# Goats cleaning fenceline with LGD



## jswelly (Aug 6, 2013)

Hello, I have 10+ acres of pasture that my family has used for cattle and goats in the past but for about the last 10 years it has either been cut for hay or used for horses. Needless to say the fencelines are fairly overgrown. My plan is to start raising cattle and a small herd of goats to follow behind them. But before i can set up an electric fence i need to clear some overgrown fencelines. I have cleared alot of the fence by hand but it is already starting to grow up again. I was thinking about trying to set up some portable type fence near the fenceline so the goats would be eating most of the brush i need them to. Could I set up a fence like this and then stake the goats up inside of it so they couldnt go through the perimeter fence? I know this is usually not a good idea but i thought that if they were still contained inside of a fence with a guard dog that it might be ok. We never used guard dogs when we had goats but the cattle did protect them some. This may be a ridiculous idea but im really not sure what my options are. What would you folks do? Thanks in advance

By the way, I am located in North Georgia. About 3/4 of the land is flat, the rest is hilly with some woods.


----------



## ksalvagno (Oct 6, 2009)

What about the portable electric fencing you can get from places like Premier 1? It is fairly easy to move and you wouldn't have to tie out the goats. Just give them a square or rectangle area to graze.


----------



## jswelly (Aug 6, 2013)

Yes, I was thinking about using either electric netting or stock panels. However, I couldn't put it up on the perimeter fence line because that is the area I'm trying to clear. So I would basically be adding three sides to make a square, the perimeter fence being the other side. The perimeter fence would hold them for a while but once they ate it down they would find the holes and escape. That is where I got the idea of staking them inside the fence. I know staking goats out leaves them very vulnerable to predators so I want to know if they were contained in a fence with an LGD if it would be alright.


----------



## NyGoatMom (Jan 26, 2013)

If there are holes in the perimeter fence, how about doing both sides the same with the electric...then if they get through...it won't matter. I know it'd be double the wire though....


----------



## jswelly (Aug 6, 2013)

That's not a bad idea but I would probably use stock panels on the outside because I would have no way of connecting the electric fence through the overgrown fence line without it shorting out.
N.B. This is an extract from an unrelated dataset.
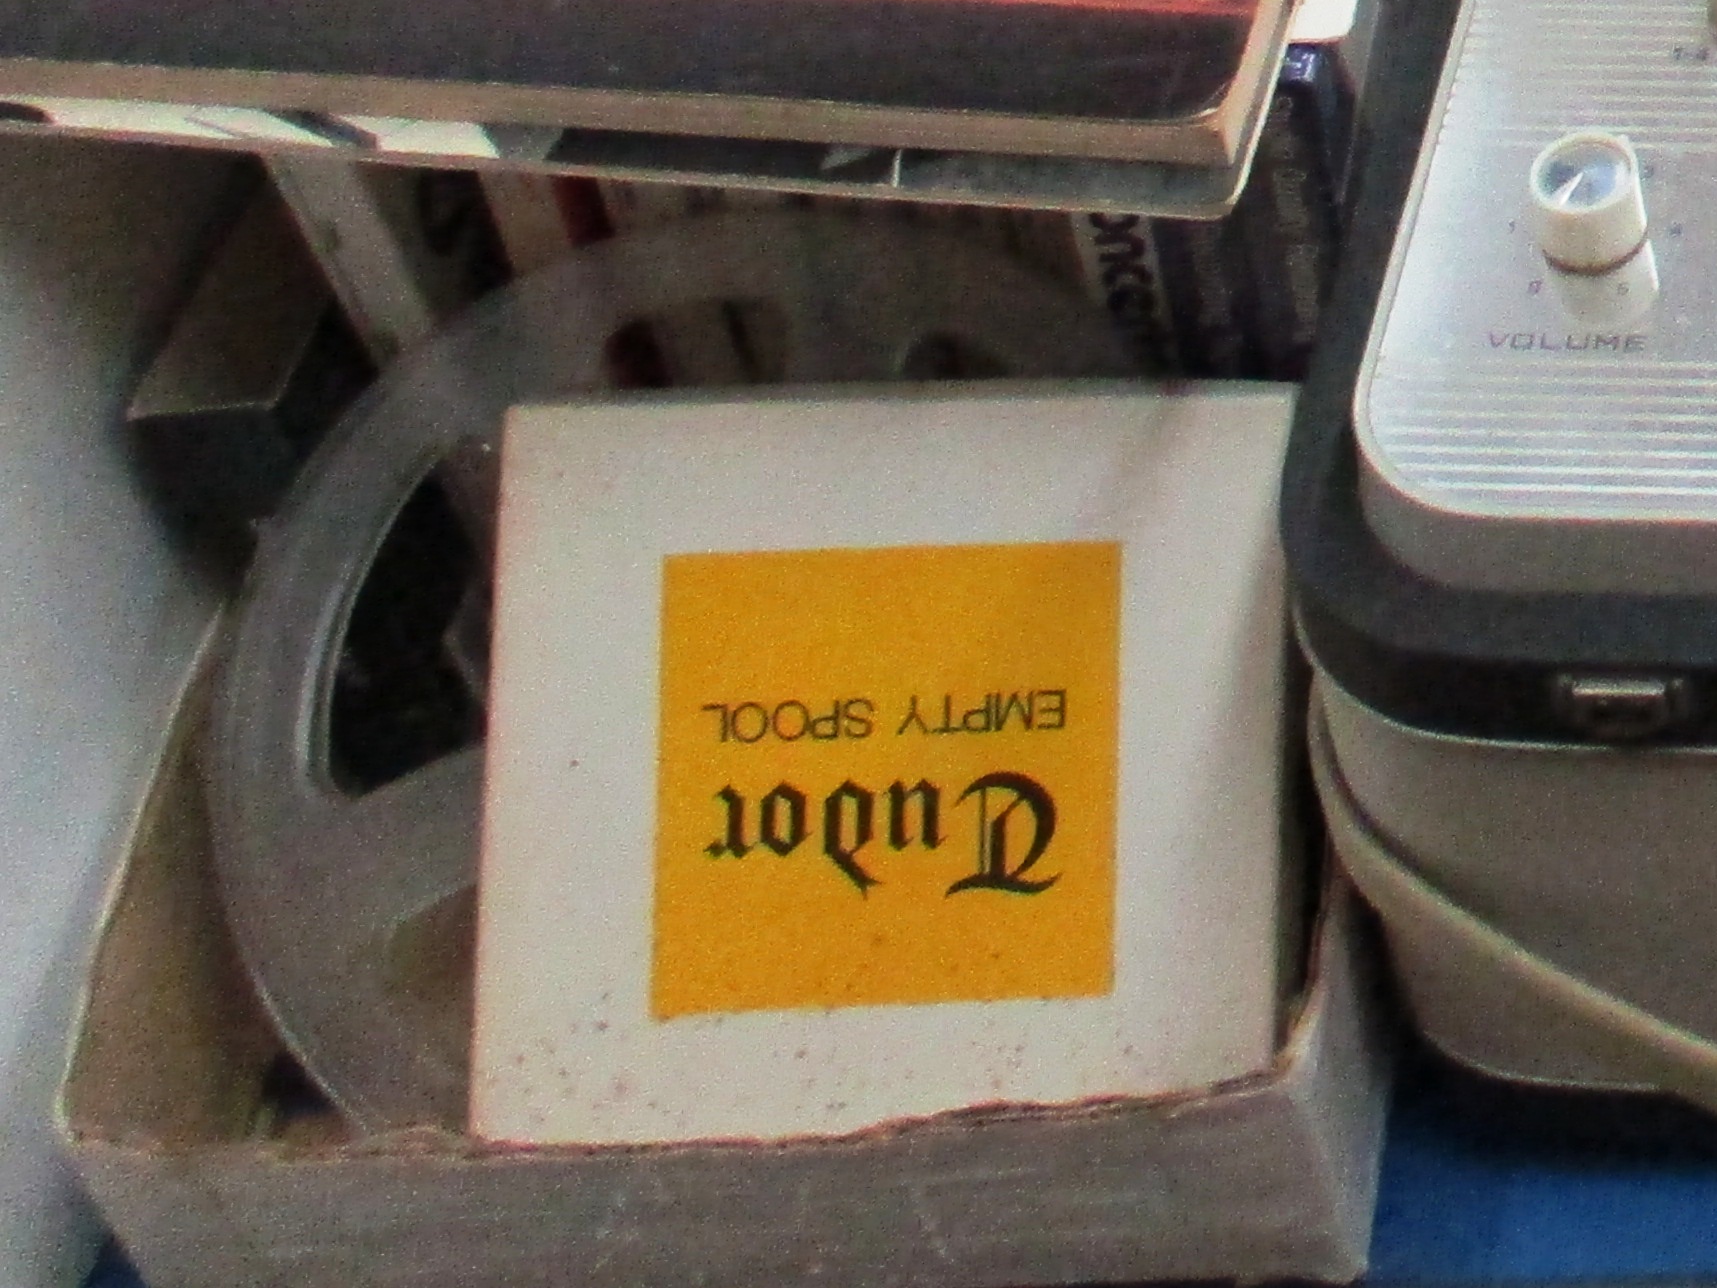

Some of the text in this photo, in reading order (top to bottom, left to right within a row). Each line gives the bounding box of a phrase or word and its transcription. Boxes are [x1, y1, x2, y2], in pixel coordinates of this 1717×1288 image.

[1487, 332, 1650, 352] VOLUME
[703, 689, 1068, 743] EMPTY SPOOL
[703, 770, 1061, 901] Tudor
And alot of my perimeter fence is along a road so there's not much space on the outside of the fence to work with.


----------



## NyGoatMom (Jan 26, 2013)

That would work even better!


----------



## jswelly (Aug 6, 2013)

Would stock panels hold goats or would I need to put up a strand or 2 of wire?


----------



## NyGoatMom (Jan 26, 2013)

I'm pretty sure people use them for goats...what size goats? Horned or not? I wouldn't want a horned goat to get it's head stuck in one of the holes...


----------



## jswelly (Aug 6, 2013)

Most likely boer and kiko so they would have horns. I have seen some stock panels made for goats and sheep and I think the spacing between the wires is smaller so they can't get their horns stuck but I'm not 100% sure.


----------